* _EXERCISE AIM_
Could you return all of the records exactly, minus their images?

* _DATA EXTRACTS_
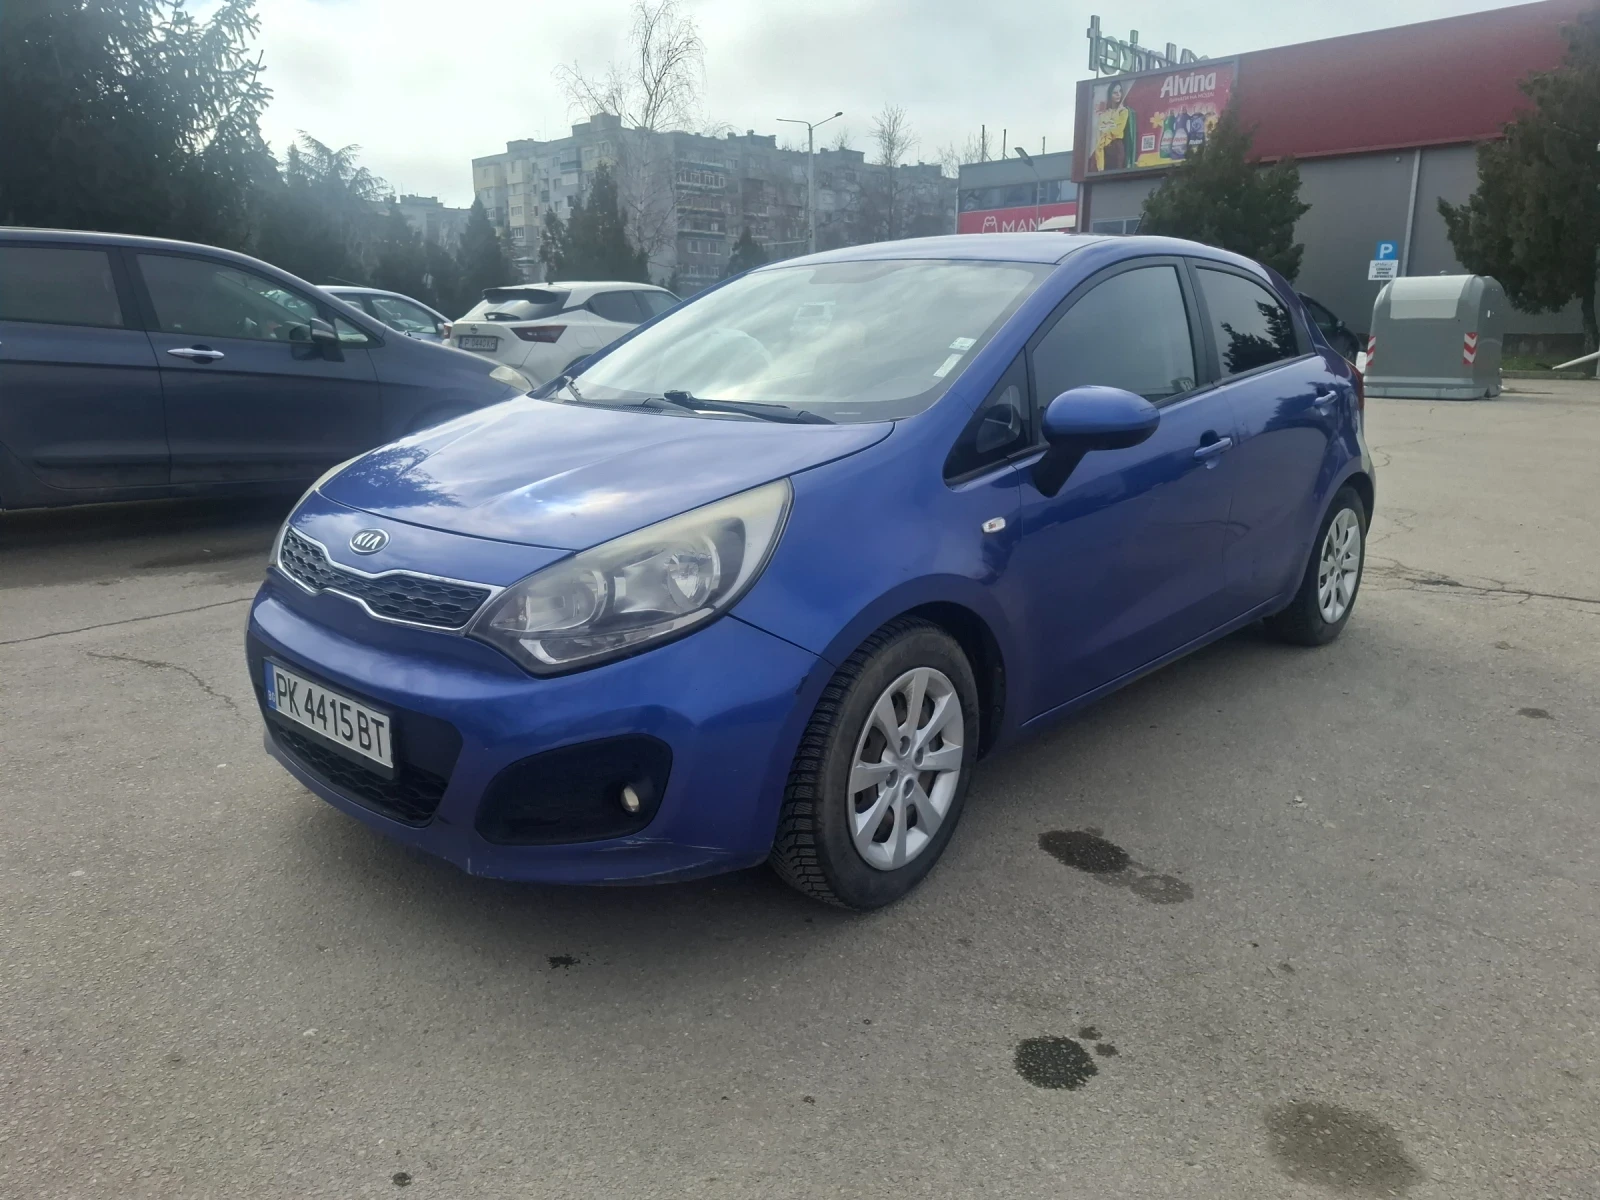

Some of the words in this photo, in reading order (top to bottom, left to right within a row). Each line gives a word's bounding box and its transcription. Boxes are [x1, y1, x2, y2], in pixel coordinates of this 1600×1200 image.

[1160, 72, 1217, 98] Alvina
[1379, 243, 1393, 259] P
[354, 532, 382, 549] KIA
[275, 671, 301, 717] PK
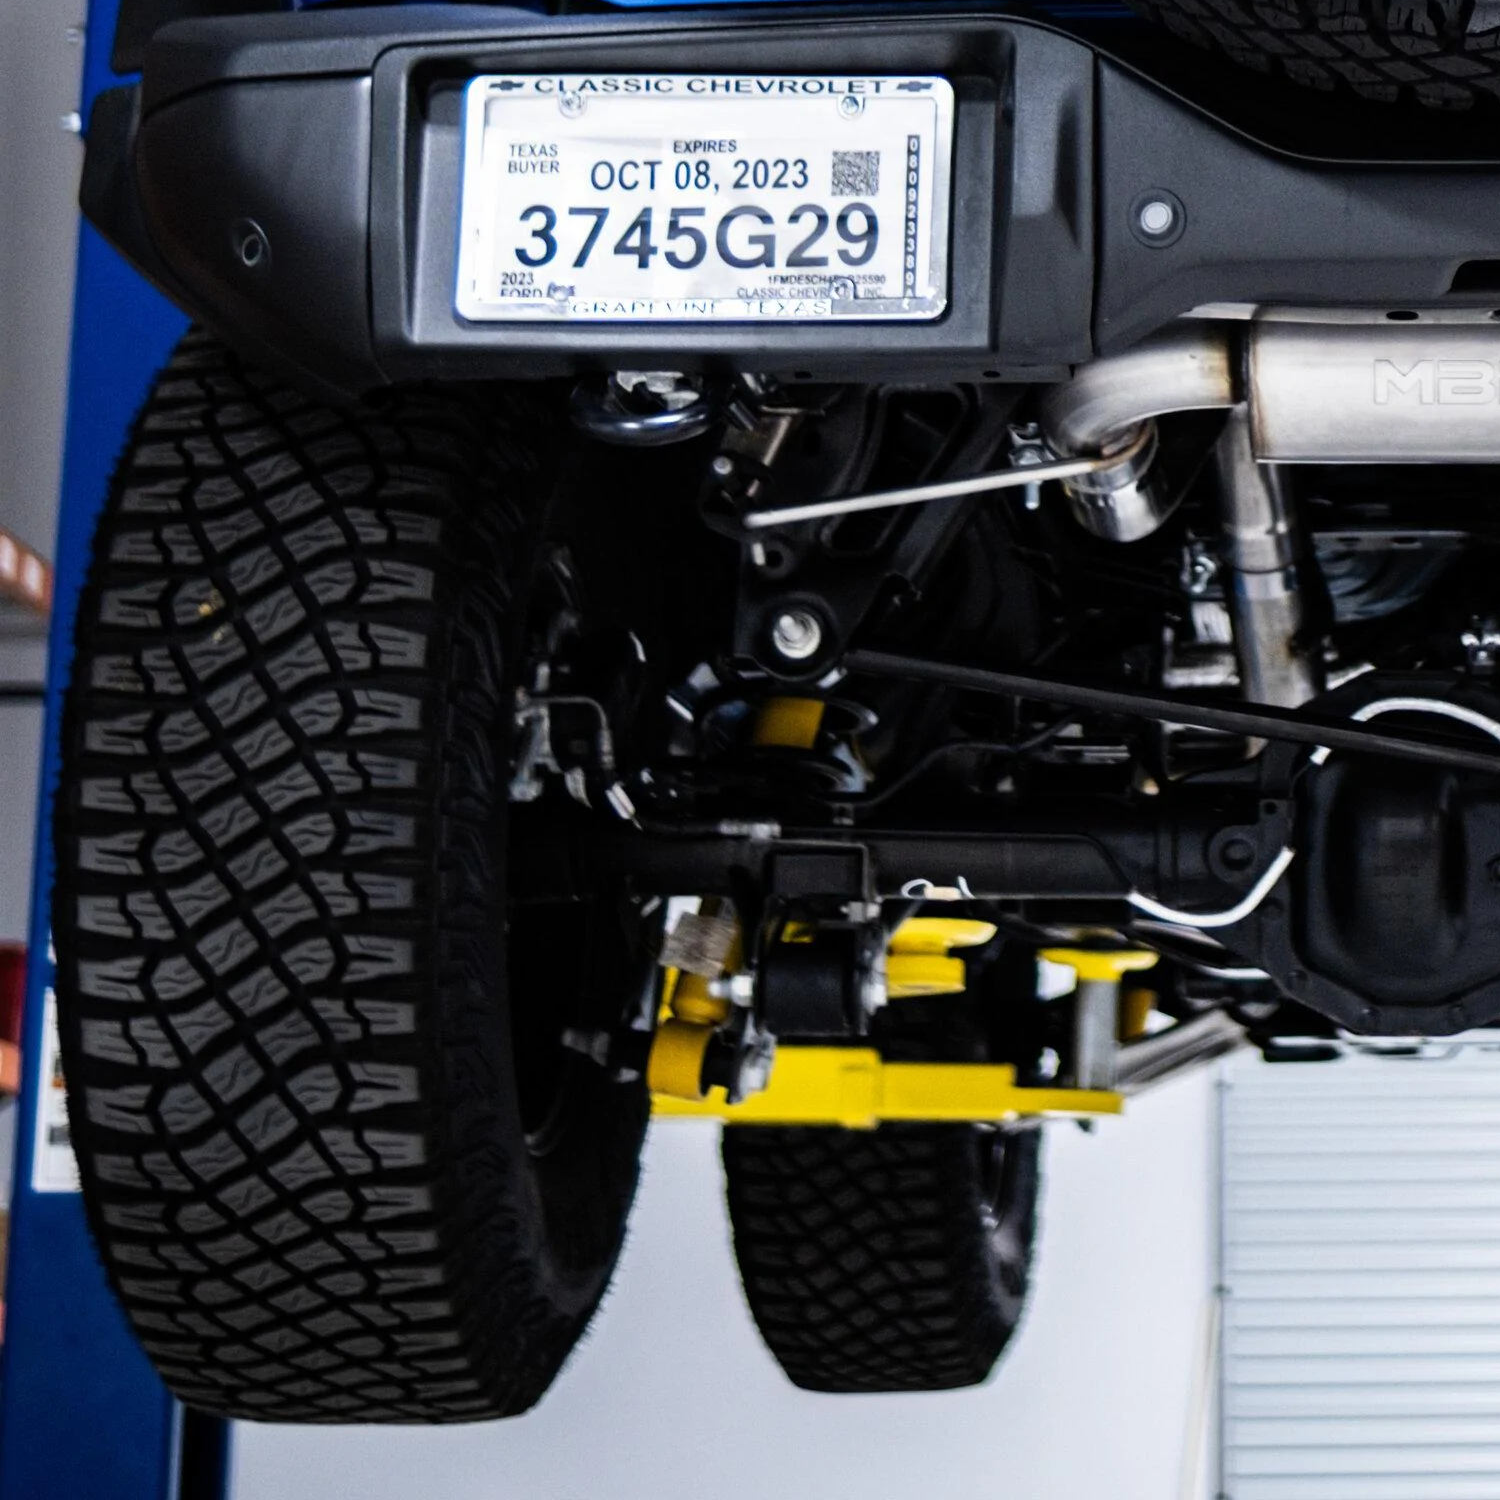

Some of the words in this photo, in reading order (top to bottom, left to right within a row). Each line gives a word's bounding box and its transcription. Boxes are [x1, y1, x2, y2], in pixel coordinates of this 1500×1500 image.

[534, 77, 675, 94] CLASSIC
[685, 76, 888, 94] CHEVROLET
[508, 143, 559, 158] TEXAS
[672, 139, 738, 155] EXPIRES
[507, 160, 561, 174] BUYER
[590, 160, 663, 191] OCT
[674, 159, 720, 195] 08,
[732, 158, 810, 190] 2023
[514, 202, 881, 269] 3745G29
[500, 272, 535, 286] 2023
[736, 286, 785, 299] CLASSIC
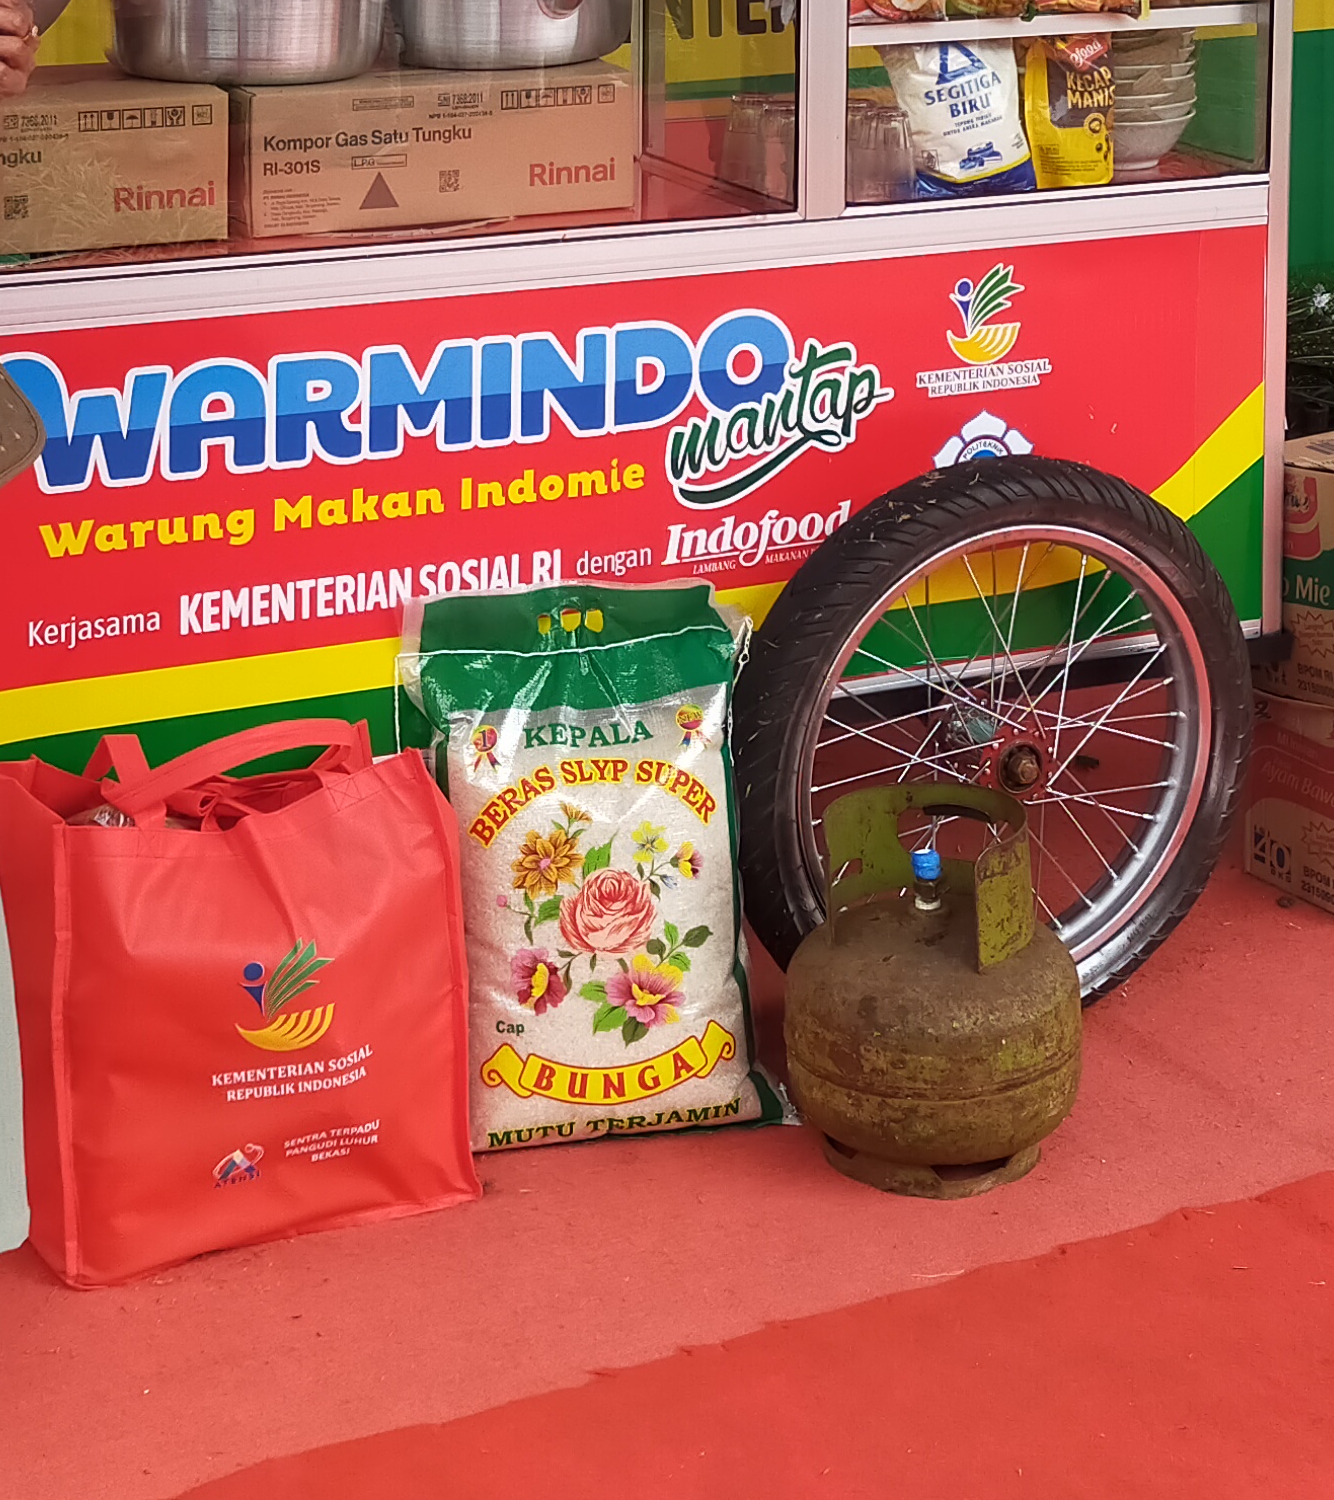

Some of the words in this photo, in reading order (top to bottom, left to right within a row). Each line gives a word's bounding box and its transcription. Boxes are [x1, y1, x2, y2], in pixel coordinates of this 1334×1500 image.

[924, 71, 1002, 106] SEGITIGA
[1067, 66, 1113, 92] KECAP
[949, 93, 991, 119] BIRU
[1067, 85, 1116, 110] MANIS
[263, 135, 331, 154] Kompor
[335, 131, 368, 148] Gas
[371, 128, 409, 146] Satu
[412, 124, 473, 145] Tungku
[263, 160, 321, 177] RI-301S
[529, 156, 616, 188] Rinnai
[113, 179, 216, 213] Rinnai
[918, 364, 1006, 386] KEMENTERIAN
[1007, 359, 1050, 376] SOSIAL
[930, 379, 980, 396] REPUBLIK
[982, 374, 1039, 390] INDONESIA
[664, 336, 895, 511] mantap
[963, 440, 1005, 460] POLITEKNIK
[39, 506, 255, 559] Warung
[273, 482, 445, 533] Makan
[460, 458, 646, 511] Indomie
[692, 558, 737, 576] LAMBANG
[765, 547, 808, 565] MAKANAN
[27, 609, 161, 650] Kerjasama
[178, 567, 413, 637] KEMENTERIAN
[418, 551, 523, 600] SOSIAL
[531, 548, 562, 586] RI
[575, 545, 652, 577] dengan
[1295, 574, 1332, 608] Mie
[523, 719, 654, 750] KEPALA
[1261, 760, 1299, 791] Ayam
[469, 765, 557, 849] BERAS
[560, 757, 629, 786] SLYP
[634, 759, 718, 827] SUPER
[1302, 865, 1331, 887] BPOM
[496, 1019, 525, 1036] Cap
[211, 1060, 325, 1087] KEMENTERIAN
[328, 1043, 374, 1072] SOSIAL
[532, 1052, 696, 1100] BUNGA
[226, 1081, 296, 1102] REPUBLIK
[298, 1066, 367, 1094] INDONESIA
[283, 1130, 328, 1150] SENTRA
[329, 1118, 381, 1138] TERPADU
[487, 1122, 577, 1149] MUTU
[586, 1097, 742, 1133] TERJAMIN
[285, 1140, 338, 1158] PANGUDI
[339, 1134, 379, 1148] LUHUR
[310, 1147, 351, 1164] BEKASI
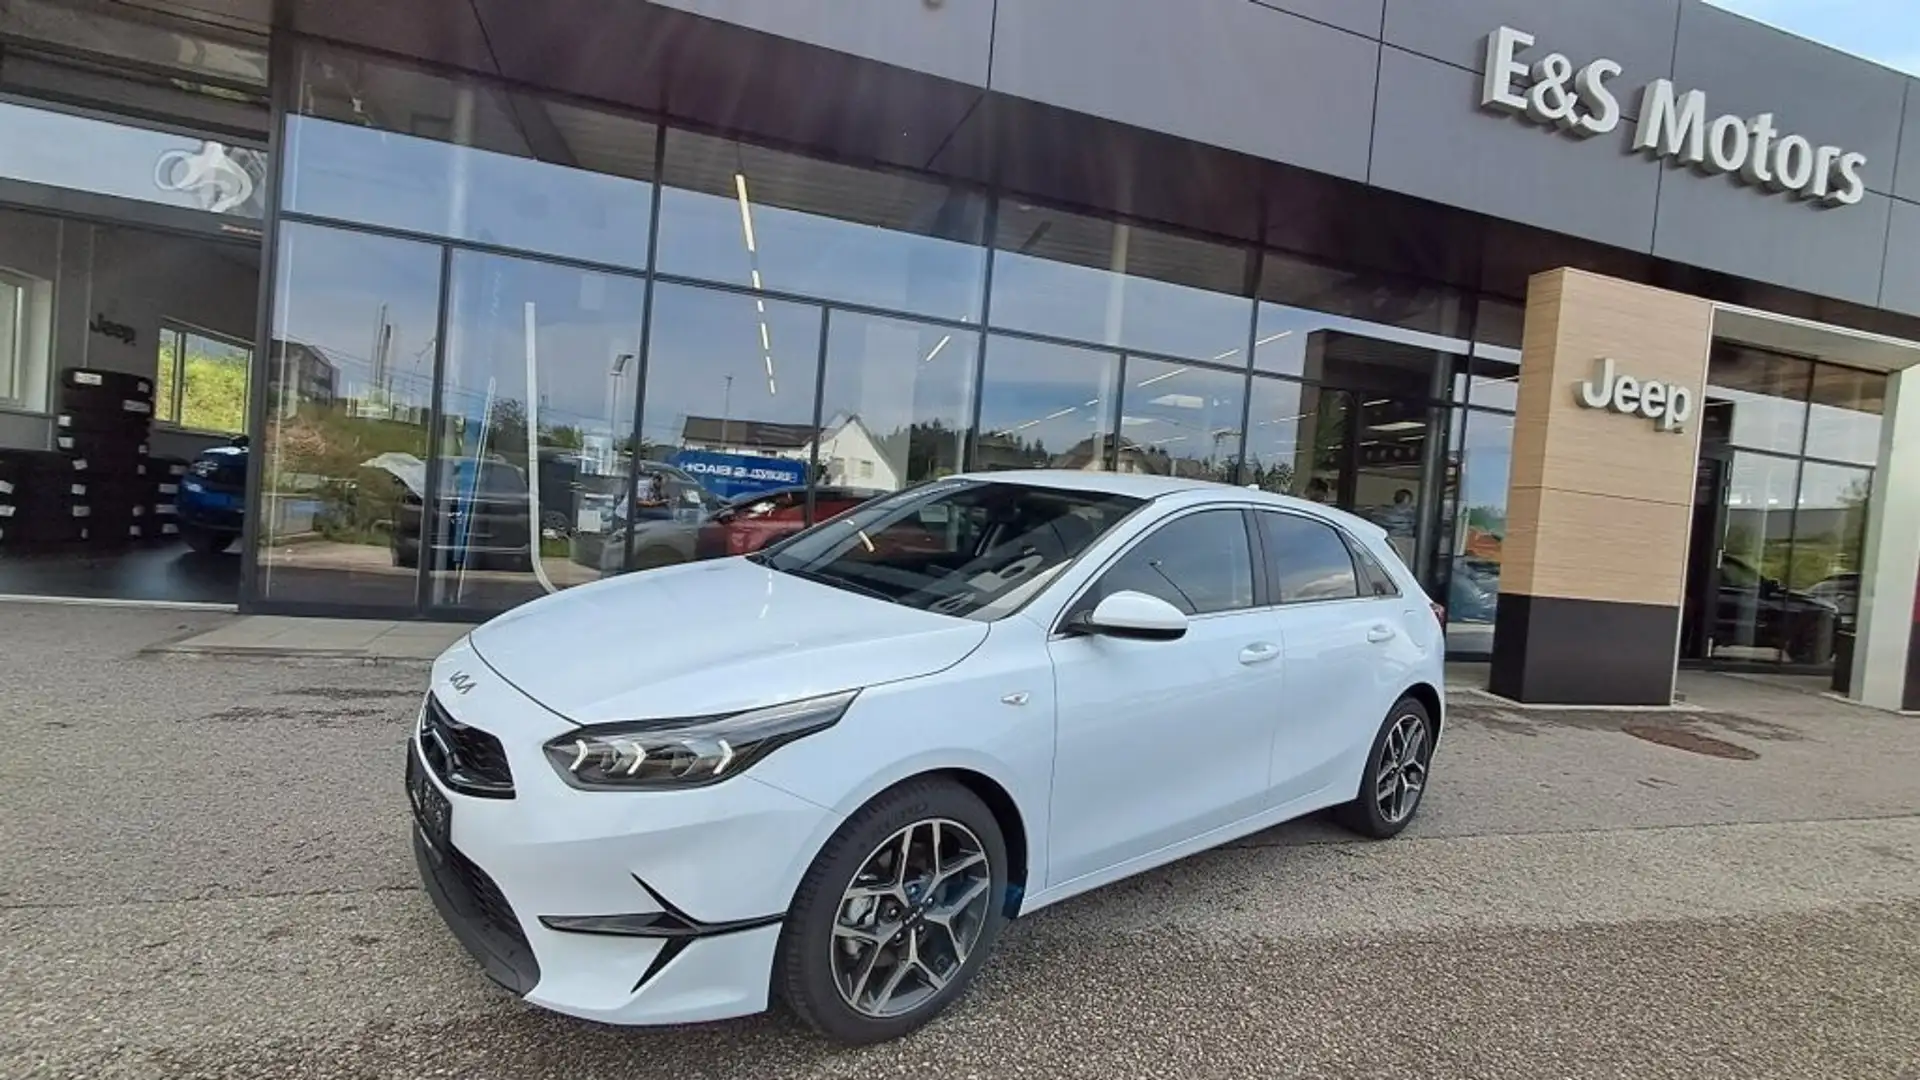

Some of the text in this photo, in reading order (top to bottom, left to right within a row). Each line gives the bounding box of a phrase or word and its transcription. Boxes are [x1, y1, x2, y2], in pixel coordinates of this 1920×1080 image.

[1482, 26, 1866, 205] E&S Motors
[1579, 357, 1691, 431] Jeep

* _FINAL ANSWER_
Some of the words in this photo, in reading order (top to bottom, left to right within a row). Each line gives a word's bounding box and its transcription. Boxes are [x1, y1, x2, y2], in pixel coordinates of this 1600×1200 image.

[1160, 72, 1217, 98] Alvina
[1379, 243, 1393, 259] P
[354, 532, 382, 549] KIA
[275, 671, 301, 717] PK

Some of the words in this photo, in reading order (top to bottom, left to right within a row). Each line gives a word's bounding box and its transcription. Boxes are [x1, y1, x2, y2], in pixel coordinates of this 1500×1500 image.

[534, 77, 675, 94] CLASSIC
[685, 76, 888, 94] CHEVROLET
[508, 143, 559, 158] TEXAS
[672, 139, 738, 155] EXPIRES
[507, 160, 561, 174] BUYER
[590, 160, 663, 191] OCT
[674, 159, 720, 195] 08,
[732, 158, 810, 190] 2023
[514, 202, 881, 269] 3745G29
[500, 272, 535, 286] 2023
[736, 286, 785, 299] CLASSIC

Some of the words in this photo, in reading order (top to bottom, left to right within a row). Each line gives a word's bounding box and its transcription. Boxes are [x1, y1, x2, y2], in pixel coordinates of this 1334×1500 image.

[924, 71, 1002, 106] SEGITIGA
[1067, 66, 1113, 92] KECAP
[949, 93, 991, 119] BIRU
[1067, 85, 1116, 110] MANIS
[263, 135, 331, 154] Kompor
[335, 131, 368, 148] Gas
[371, 128, 409, 146] Satu
[412, 124, 473, 145] Tungku
[263, 160, 321, 177] RI-301S
[529, 156, 616, 188] Rinnai
[113, 179, 216, 213] Rinnai
[918, 364, 1006, 386] KEMENTERIAN
[1007, 359, 1050, 376] SOSIAL
[930, 379, 980, 396] REPUBLIK
[982, 374, 1039, 390] INDONESIA
[664, 336, 895, 511] mantap
[963, 440, 1005, 460] POLITEKNIK
[39, 506, 255, 559] Warung
[273, 482, 445, 533] Makan
[460, 458, 646, 511] Indomie
[692, 558, 737, 576] LAMBANG
[765, 547, 808, 565] MAKANAN
[27, 609, 161, 650] Kerjasama
[178, 567, 413, 637] KEMENTERIAN
[418, 551, 523, 600] SOSIAL
[531, 548, 562, 586] RI
[575, 545, 652, 577] dengan
[1295, 574, 1332, 608] Mie
[523, 719, 654, 750] KEPALA
[1261, 760, 1299, 791] Ayam
[469, 765, 557, 849] BERAS
[560, 757, 629, 786] SLYP
[634, 759, 718, 827] SUPER
[1302, 865, 1331, 887] BPOM
[496, 1019, 525, 1036] Cap
[211, 1060, 325, 1087] KEMENTERIAN
[328, 1043, 374, 1072] SOSIAL
[532, 1052, 696, 1100] BUNGA
[226, 1081, 296, 1102] REPUBLIK
[298, 1066, 367, 1094] INDONESIA
[283, 1130, 328, 1150] SENTRA
[329, 1118, 381, 1138] TERPADU
[487, 1122, 577, 1149] MUTU
[586, 1097, 742, 1133] TERJAMIN
[285, 1140, 338, 1158] PANGUDI
[339, 1134, 379, 1148] LUHUR
[310, 1147, 351, 1164] BEKASI

Some of the text in this photo, in reading order (top to bottom, left to right within a row). Each line gives the bounding box of a phrase or word and its transcription. Boxes are [x1, y1, x2, y2], in pixel coordinates of this 1920×1080 image.

[1482, 26, 1866, 205] E&S Motors
[1579, 357, 1691, 431] Jeep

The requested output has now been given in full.